Enjolras was not to be diverted. “Why have you never mentioned it?”

Éponine wondered if they talked to each other enough for not mentioning a hobby to really be a surprise. “I would’ve,” Grantaire teased, in a tone Éponine suspected wasn’t entirely joking, “if I’d known it’d get you this interested--”

“Grantaire.”

Grantaire shrugged “I quit.”

“Why?”

“Got bored.”

Éponine heard the change in Enjolras’ tone that meant he’d found a challenge. “Did that bore you?”

“Nah,” Grantaire said, in the same deceptively teasing tone as before. He unscrewed his flask and toasted Enjolras with it. “This time it held my attention.”

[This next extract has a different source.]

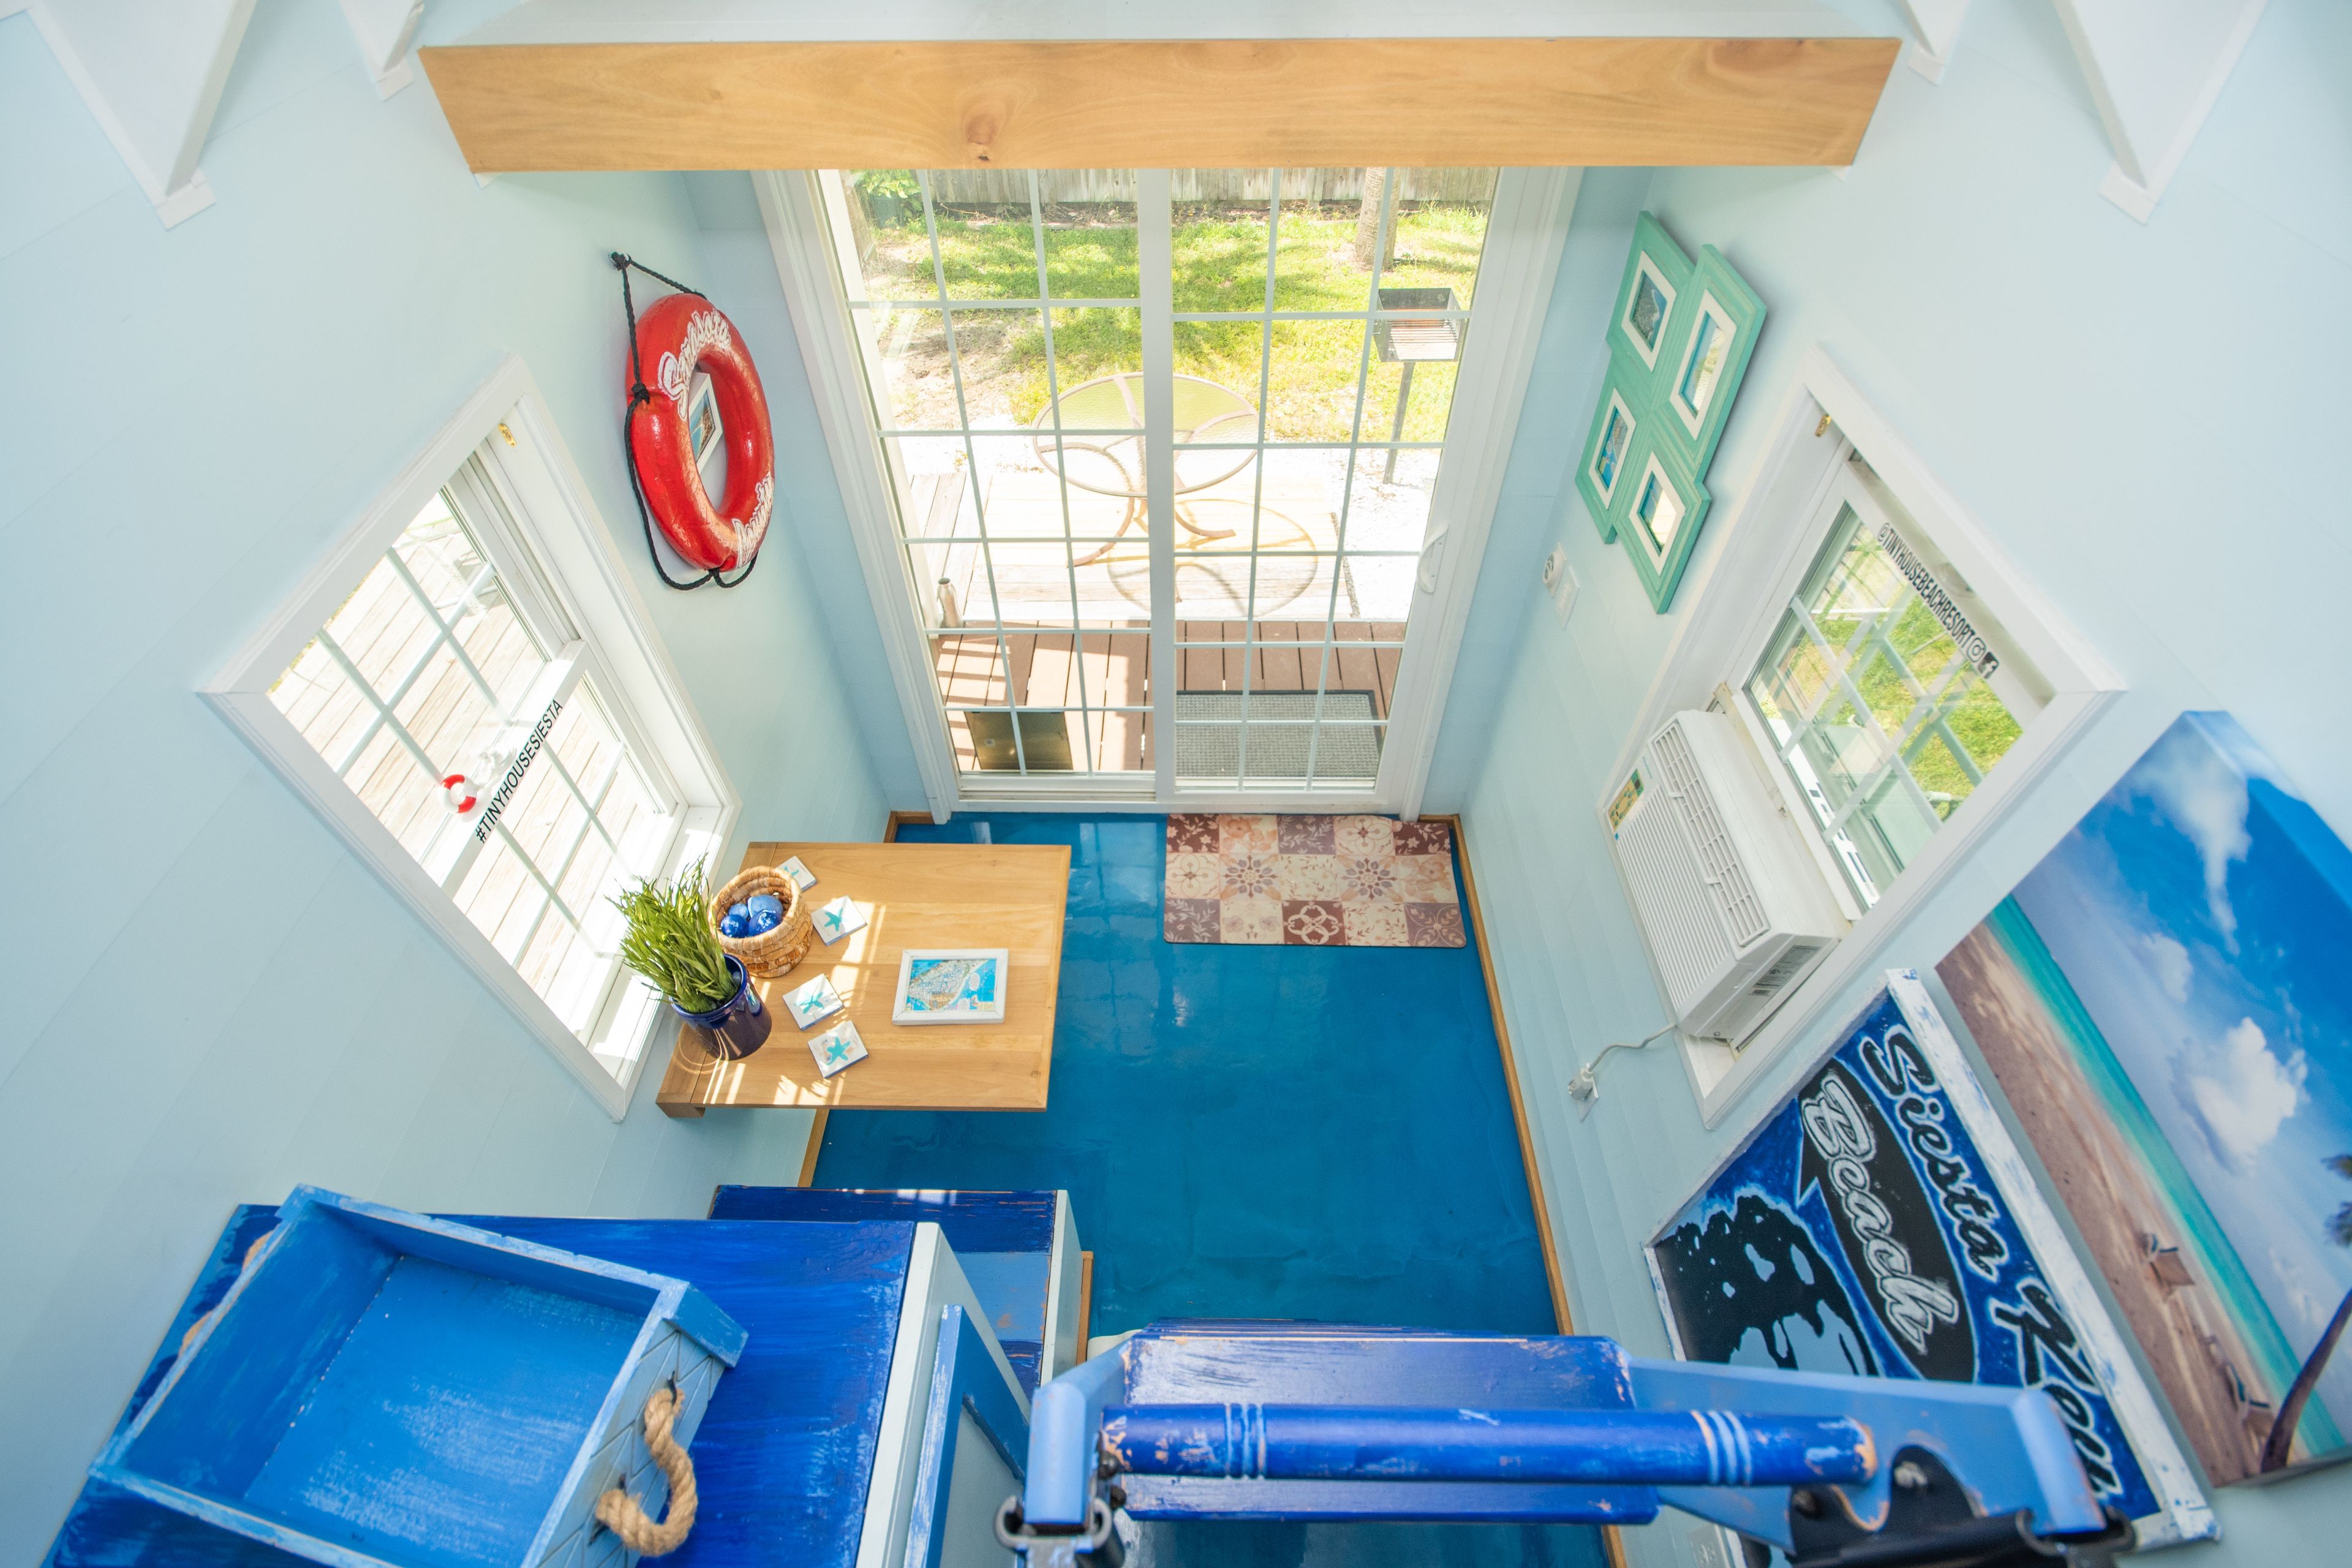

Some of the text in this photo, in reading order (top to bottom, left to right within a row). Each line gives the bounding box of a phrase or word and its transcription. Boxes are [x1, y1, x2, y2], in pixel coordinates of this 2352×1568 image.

[658, 309, 731, 421] Sarasota
[475, 699, 563, 843] #TINYHOUSESIESTA
[1802, 1074, 1960, 1351] Beach
[1858, 1023, 2010, 1284] Siesta

Well, that seemed promising. Maybe the two of them could find a way to maintain civility by throwing hexes at each other on a regular basis--it was as good a method as any. Then the only inconvenient drama to take care of among their friends would be Éponine’s lingering problem with the way Marius blushed, and she thought she was managing that surprisingly well on her own.

\---

It was too much to expect, of course.

Outside of the class periods spent throwing hexes at each other, Enjolras was still the most ragingly idealistic person Éponine had ever met while Grantaire was still determinedly not idealistic, kind of an asshole, and more interested in getting any of Enjolras’ attention than in the positivity of said attention. When he wasn’t huddling in the farthest corner of the room just looking wistful, that is. If it got any less subtle, Éponine thought, he might regress to literal pigtail-pulling. As things were, Enjolras’ increased interaction with Grantaire only seemed to make the usual apathy, and jibes about the newest starry-eyed second year ensnared by his veela charms, more frustrating to him.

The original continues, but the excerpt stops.